#### Available data
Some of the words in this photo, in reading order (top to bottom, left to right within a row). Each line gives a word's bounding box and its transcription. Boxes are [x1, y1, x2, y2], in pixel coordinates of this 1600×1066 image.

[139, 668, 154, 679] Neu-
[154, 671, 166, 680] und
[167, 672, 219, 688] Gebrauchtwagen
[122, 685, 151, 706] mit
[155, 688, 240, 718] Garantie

==

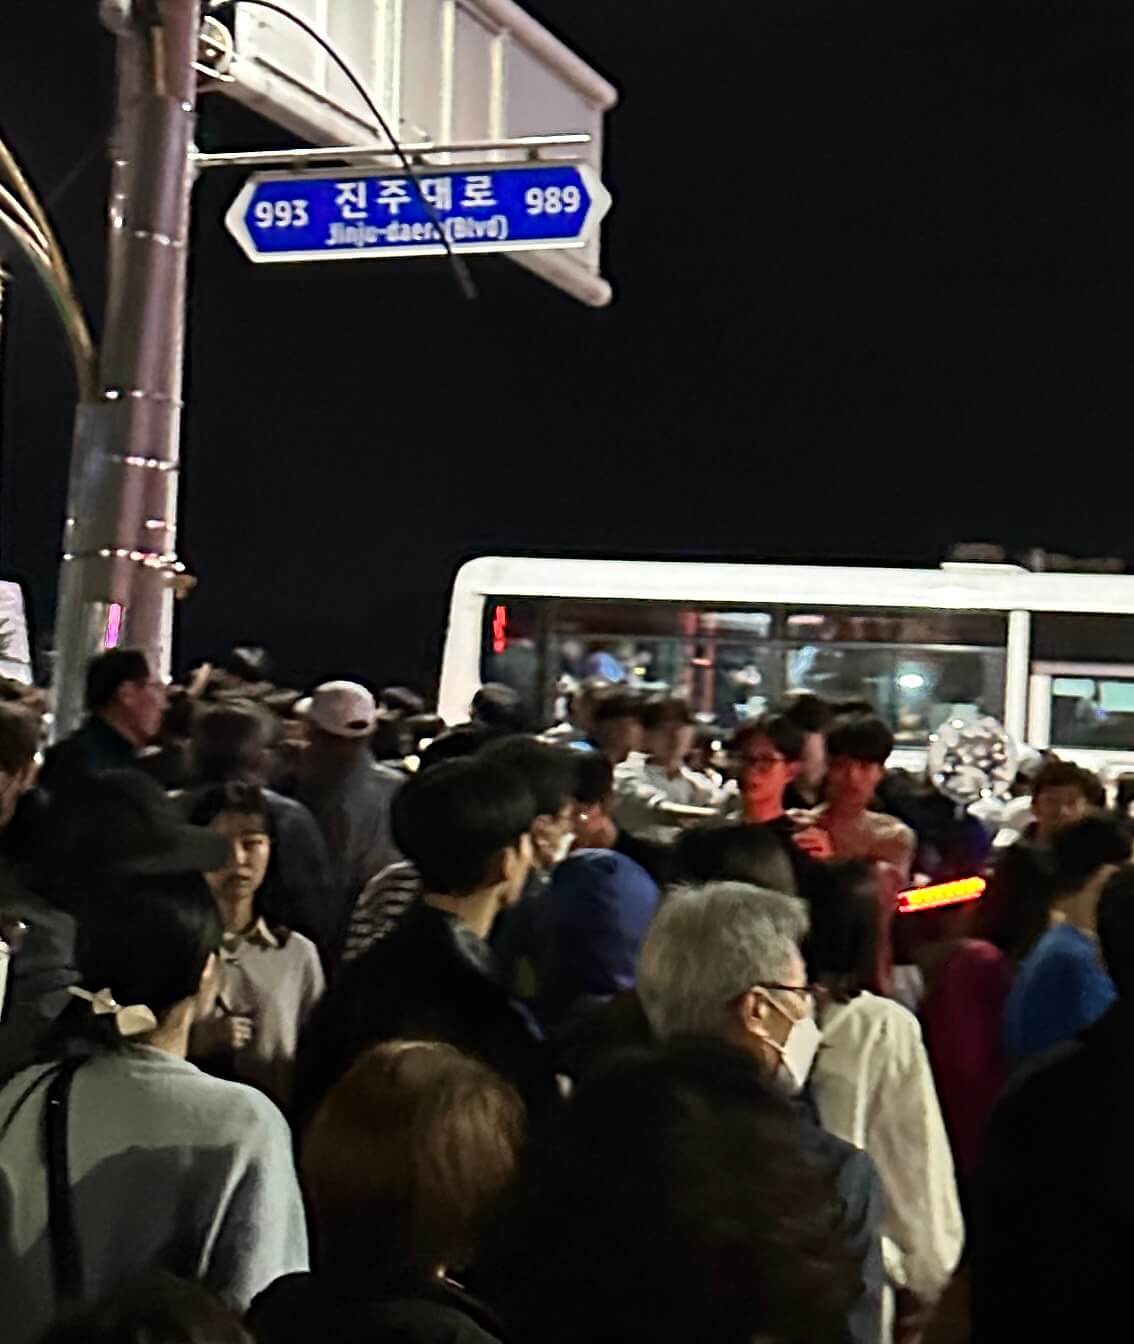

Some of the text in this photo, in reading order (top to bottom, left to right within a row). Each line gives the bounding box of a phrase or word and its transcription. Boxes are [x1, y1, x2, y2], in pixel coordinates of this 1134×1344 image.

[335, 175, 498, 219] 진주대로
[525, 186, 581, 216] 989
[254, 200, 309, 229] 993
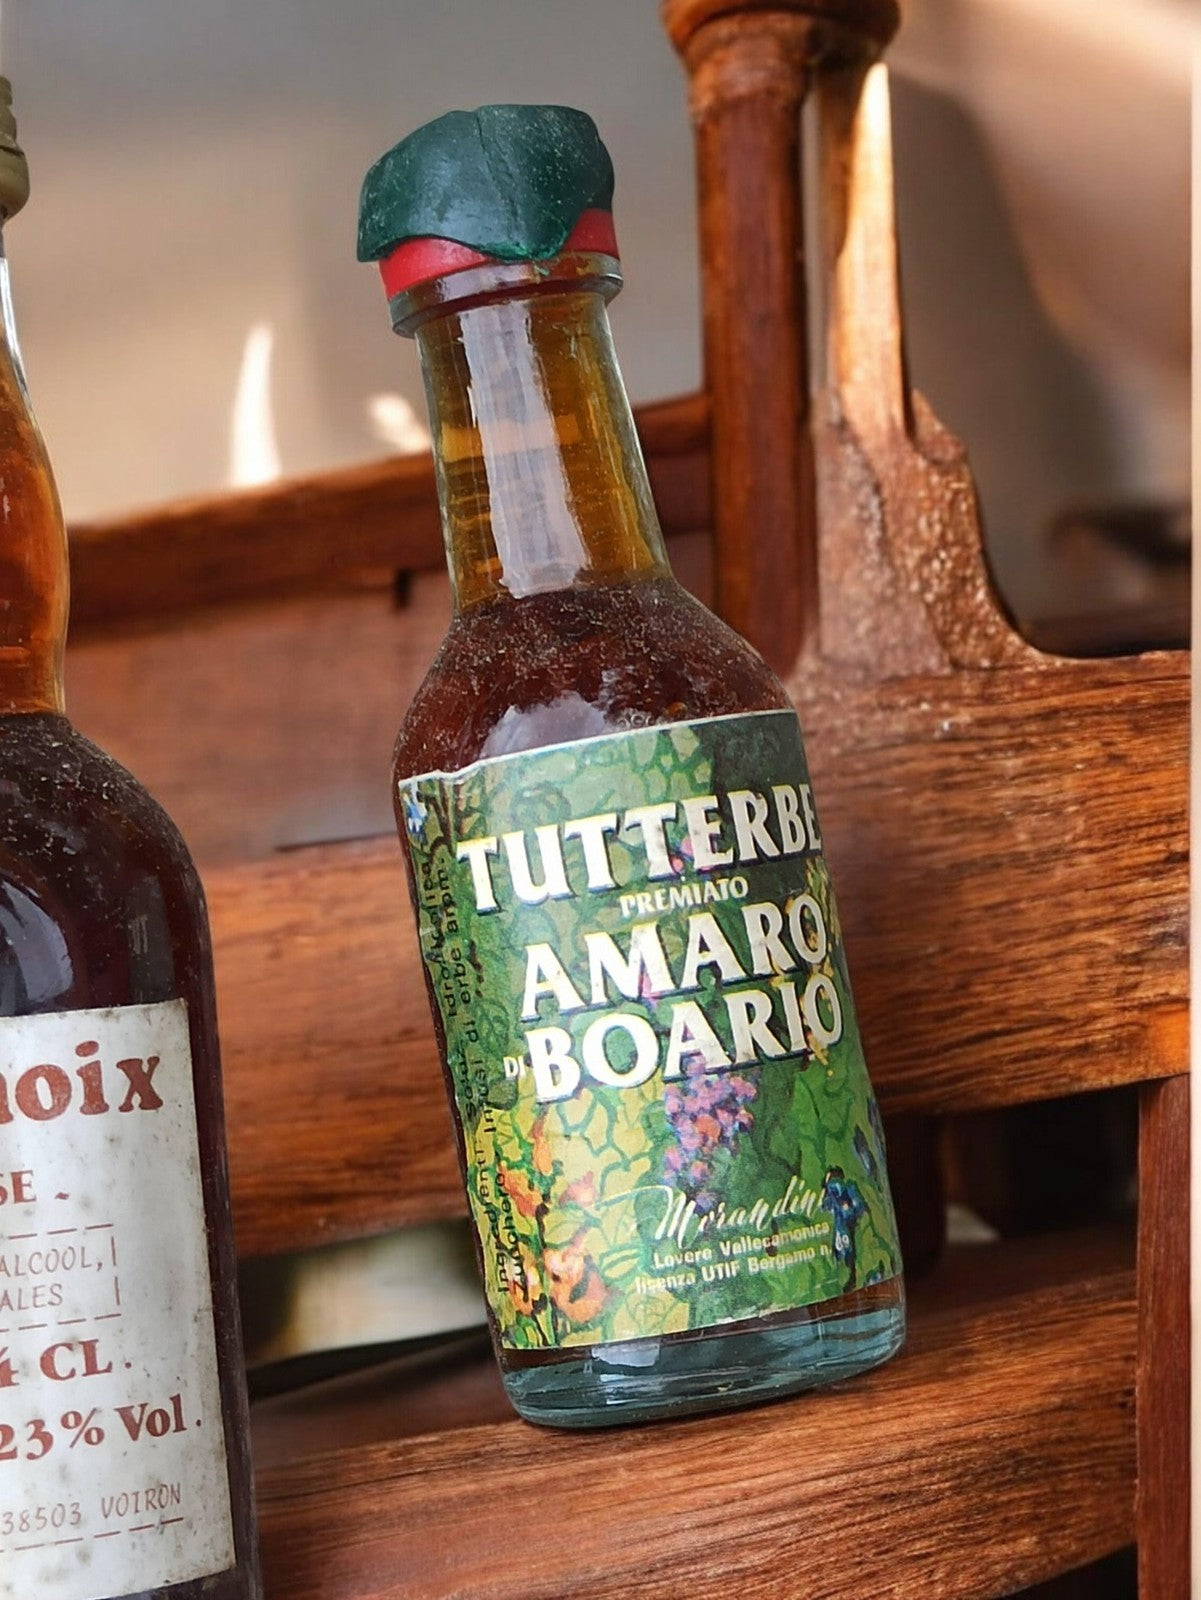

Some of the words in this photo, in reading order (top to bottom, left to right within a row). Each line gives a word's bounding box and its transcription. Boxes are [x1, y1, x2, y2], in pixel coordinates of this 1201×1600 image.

...

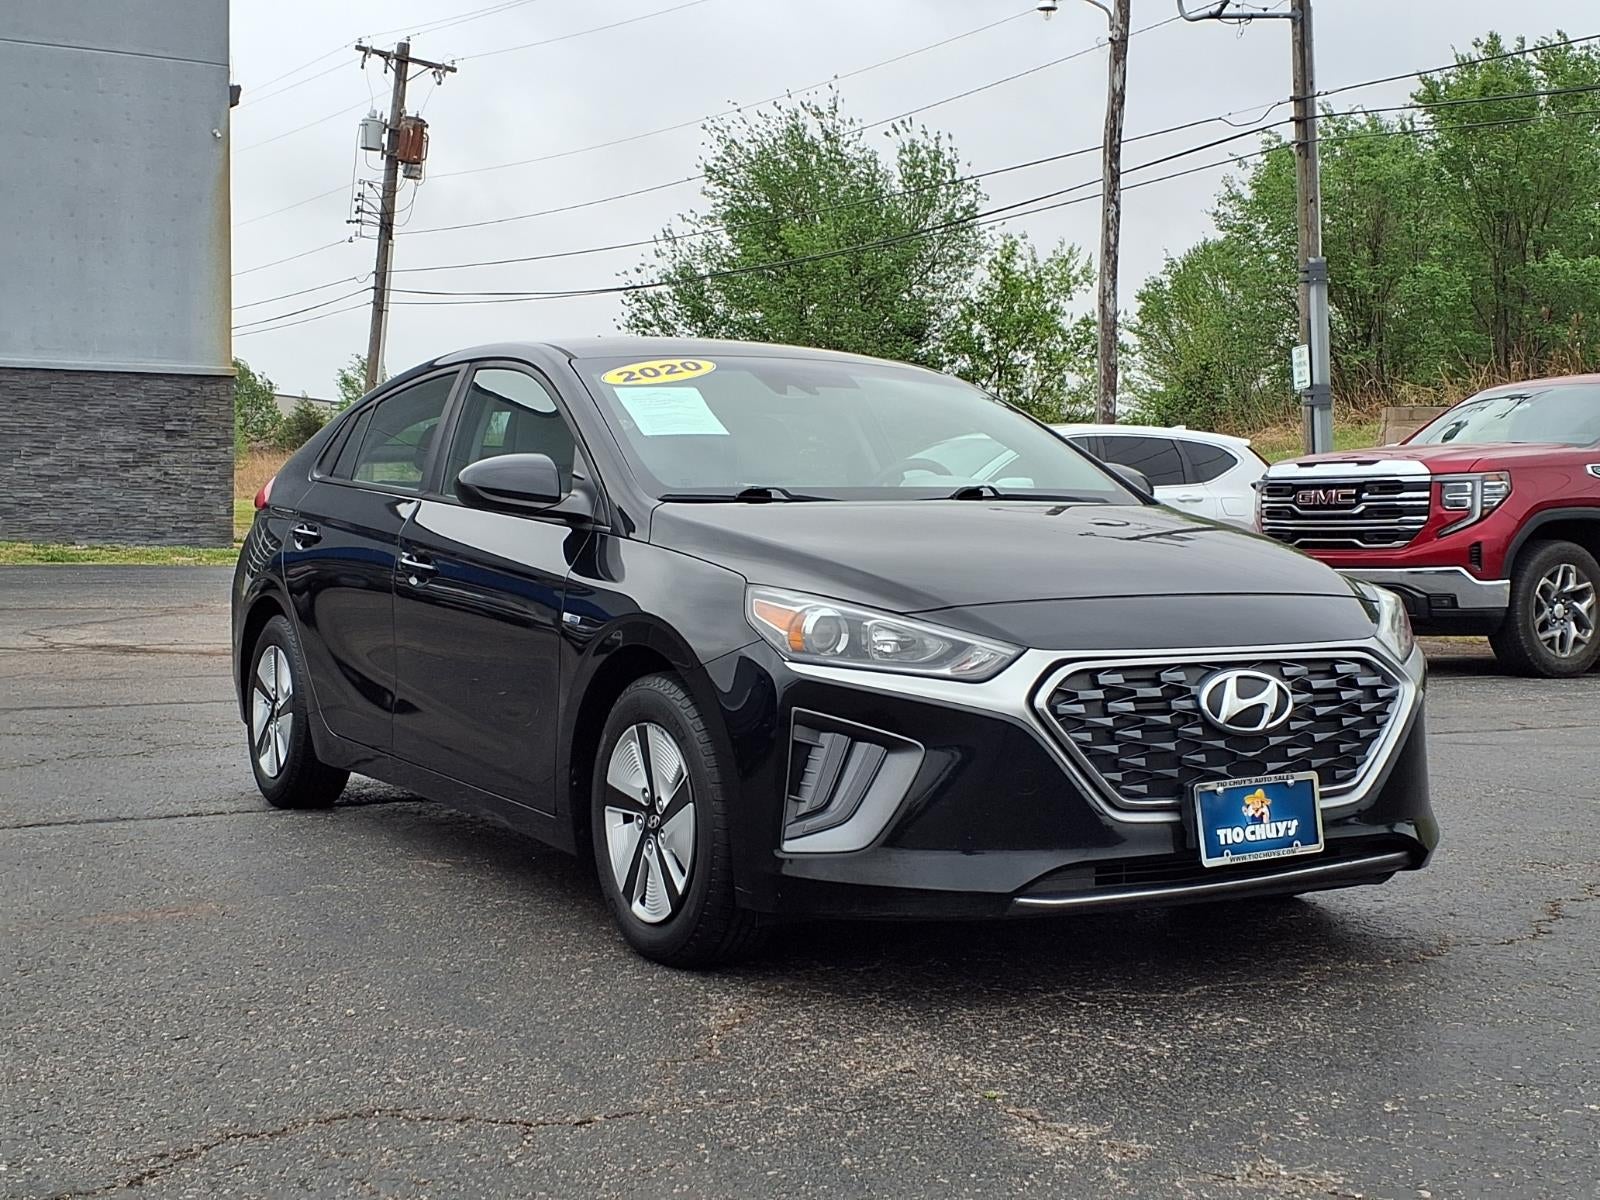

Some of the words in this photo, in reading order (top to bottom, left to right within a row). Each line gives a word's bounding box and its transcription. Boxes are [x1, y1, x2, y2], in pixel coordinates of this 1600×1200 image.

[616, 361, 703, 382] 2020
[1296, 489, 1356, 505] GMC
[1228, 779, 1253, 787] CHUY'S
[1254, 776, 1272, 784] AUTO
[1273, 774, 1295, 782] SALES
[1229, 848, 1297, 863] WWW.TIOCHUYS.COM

#### Task statement
Would you copy out, exactly and with no pictures, only the lines above from the one that contains "Some of the text" through the one that contains "this 1201×1600 image."?

#### Answer for the task
Some of the text in this photo, in reading order (top to bottom, left to right within a row). Each line gives the bounding box of a phrase or word and its transcription. Boxes are [x1, y1, x2, y2], in pixel coordinates of this 1134×1344 image.

[335, 175, 498, 219] 진주대로
[525, 186, 581, 216] 989
[254, 200, 309, 229] 993

Some of the words in this photo, in reading order (top to bottom, left to right within a row). Each line gives a word's bounding box and its transcription. Boxes are [x1, y1, x2, y2], in pixel coordinates of this 1201×1600 image.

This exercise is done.